[Provided records]
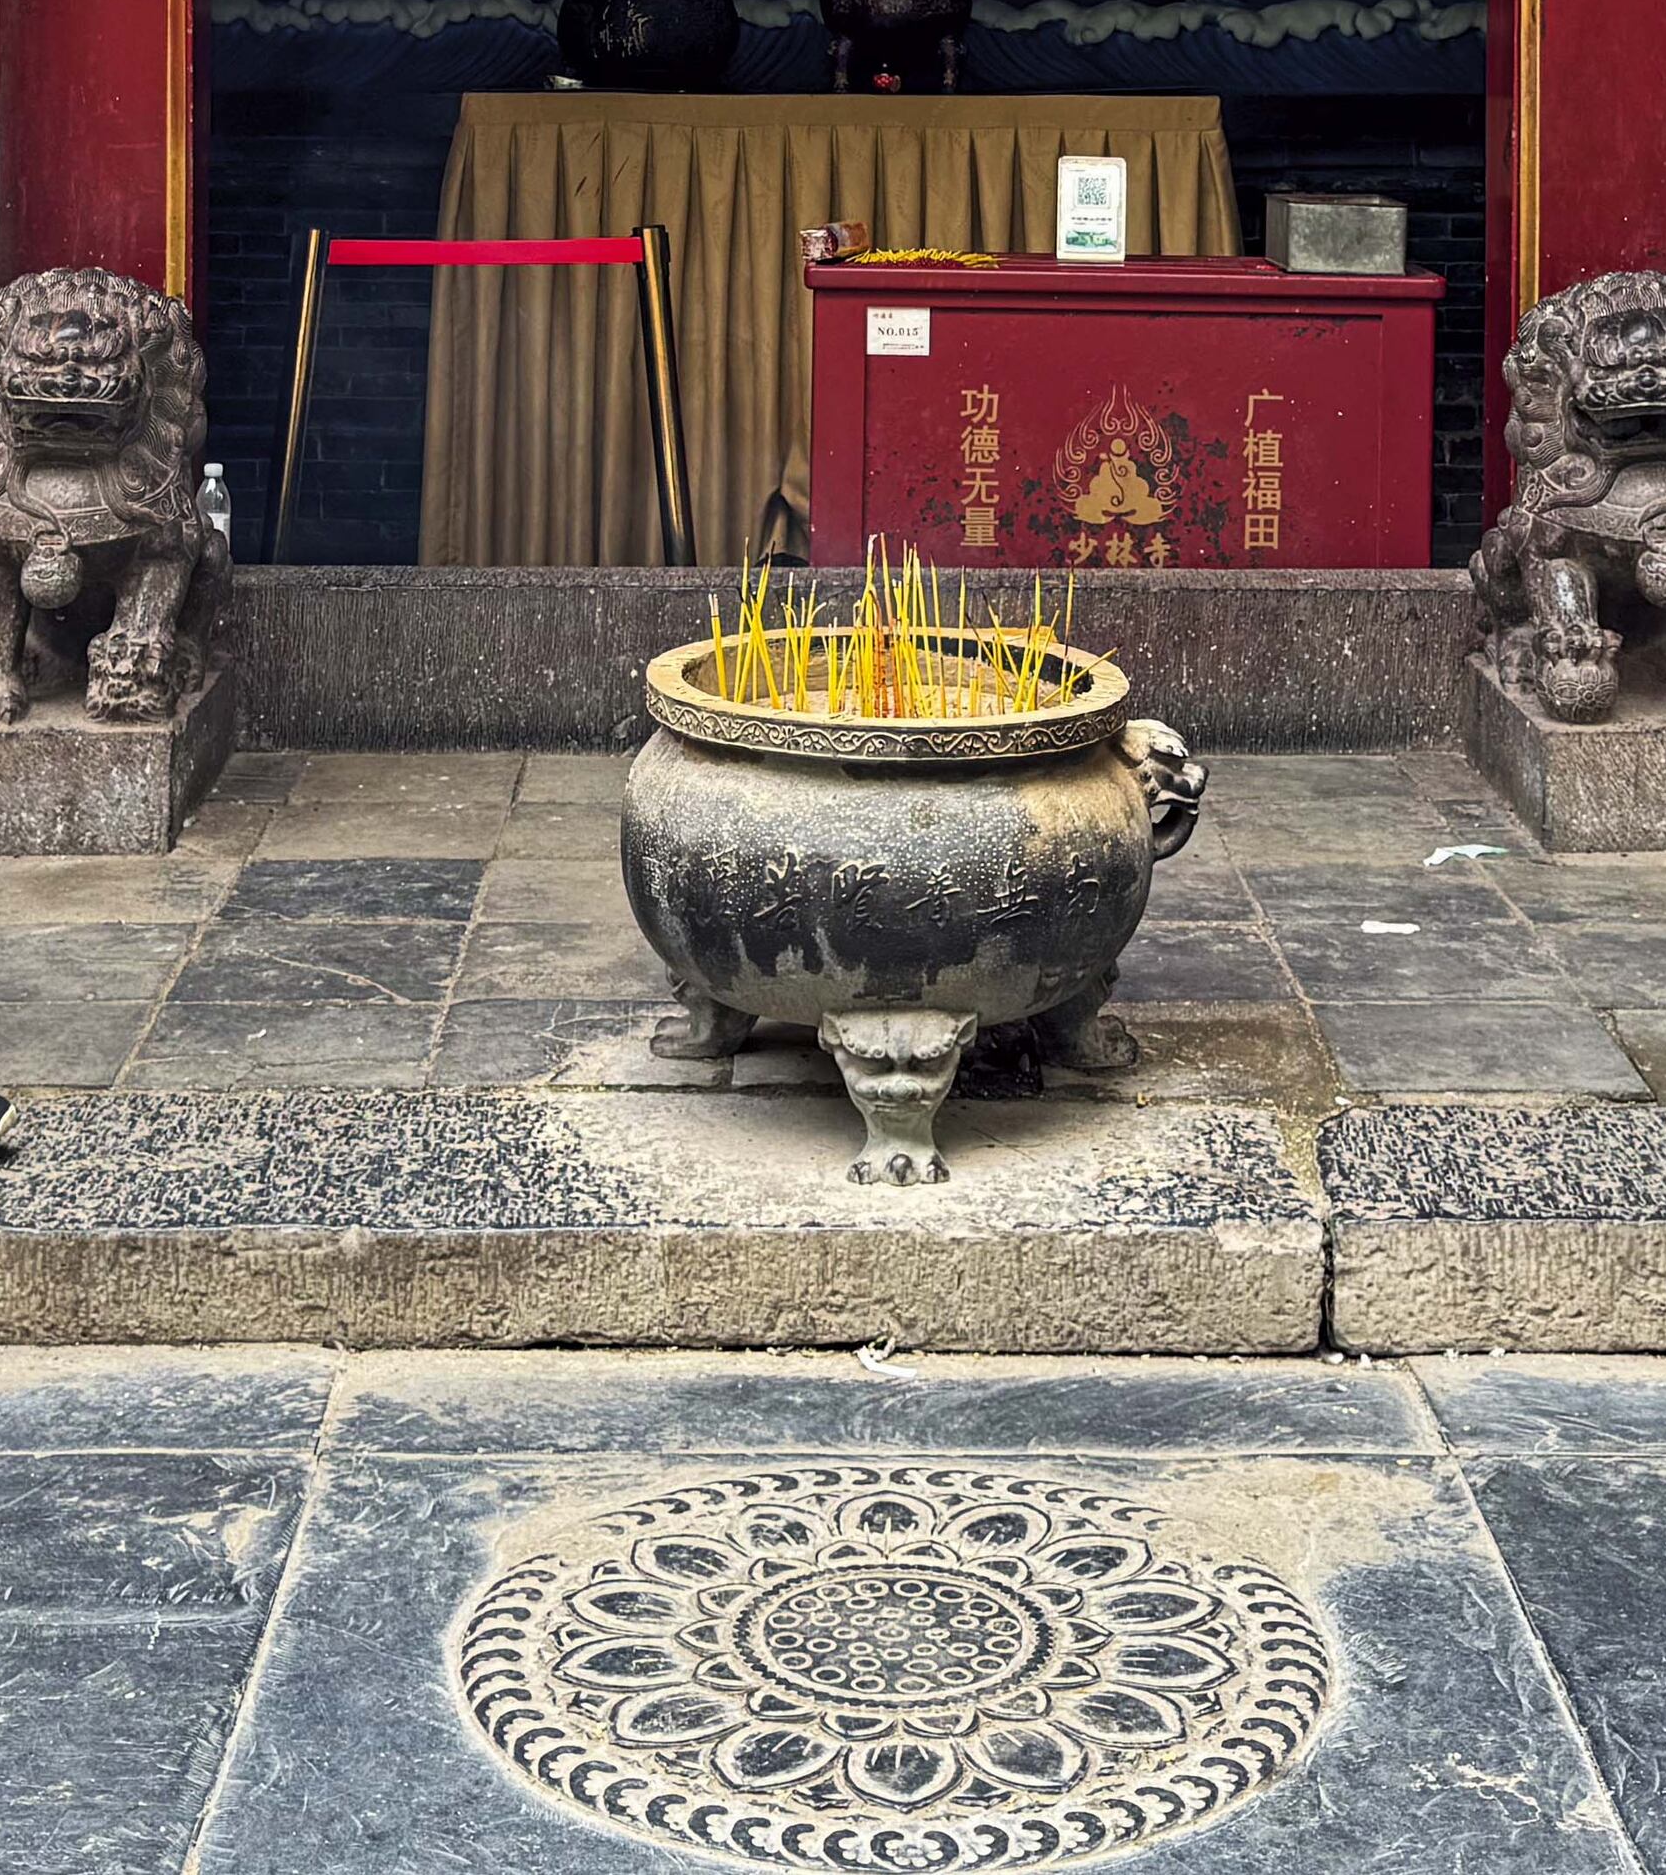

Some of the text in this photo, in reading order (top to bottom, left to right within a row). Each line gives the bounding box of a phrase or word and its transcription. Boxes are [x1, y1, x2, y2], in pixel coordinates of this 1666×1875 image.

[960, 384, 1000, 547] 功德无量
[1242, 388, 1284, 550] 广植福田
[1066, 532, 1171, 568] 少林寺
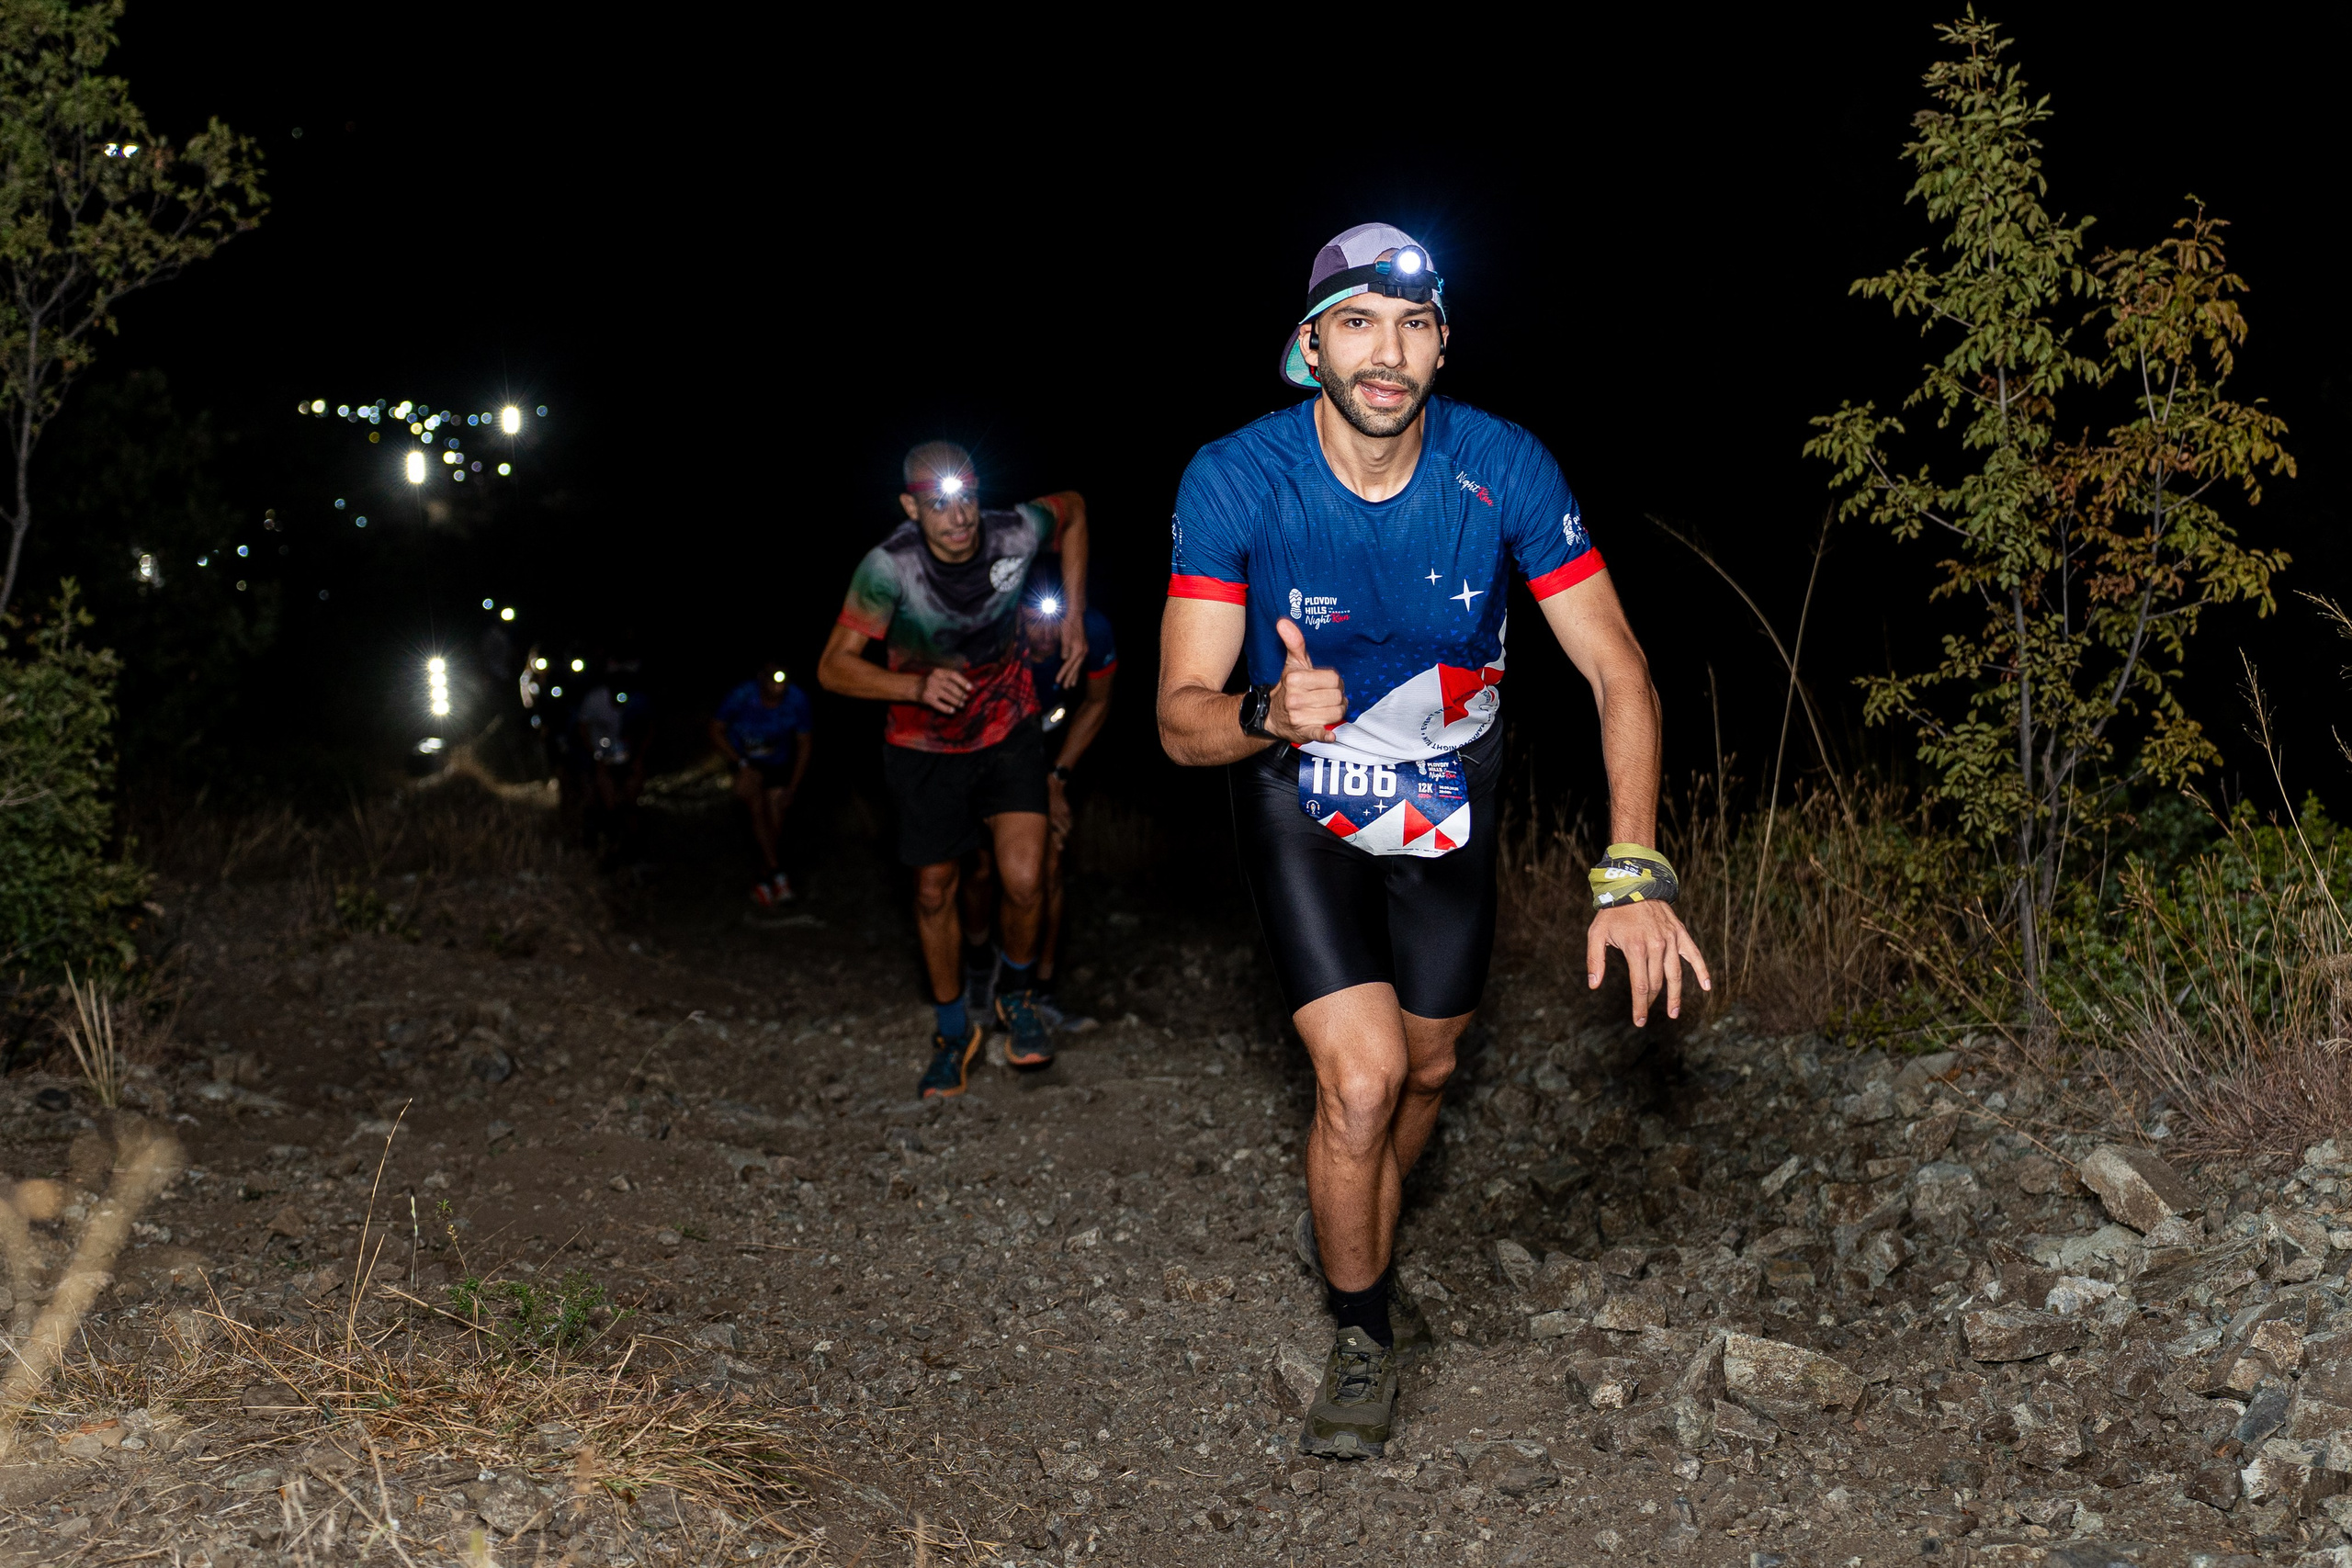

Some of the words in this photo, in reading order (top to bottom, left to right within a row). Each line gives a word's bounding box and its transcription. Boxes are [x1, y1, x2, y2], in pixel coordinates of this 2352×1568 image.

[1455, 470, 1481, 493] Night
[1305, 597, 1337, 605] PLOVDIV
[1305, 606, 1327, 615] HILLS
[1305, 615, 1331, 630] Night
[1330, 613, 1350, 623] Run
[1431, 743, 1457, 751] NIGHT
[1311, 757, 1397, 798] 1186
[1429, 772, 1446, 782] Night
[1418, 783, 1433, 794] 12K
[/Provided records]
Work to complete:
Locate the line with "Some of the words" in the entries above; extract it and every line after it, verbatim.

Solution:
Some of the words in this photo, in reading order (top to bottom, left to right within a row). Each line gives a word's bounding box and its transcription. Boxes are [x1, y1, x2, y2], in pixel coordinates of this 2352×1568 image.

[1455, 470, 1481, 493] Night
[1305, 597, 1337, 605] PLOVDIV
[1305, 606, 1327, 615] HILLS
[1305, 615, 1331, 630] Night
[1330, 613, 1350, 623] Run
[1431, 743, 1457, 751] NIGHT
[1311, 757, 1397, 798] 1186
[1429, 772, 1446, 782] Night
[1418, 783, 1433, 794] 12K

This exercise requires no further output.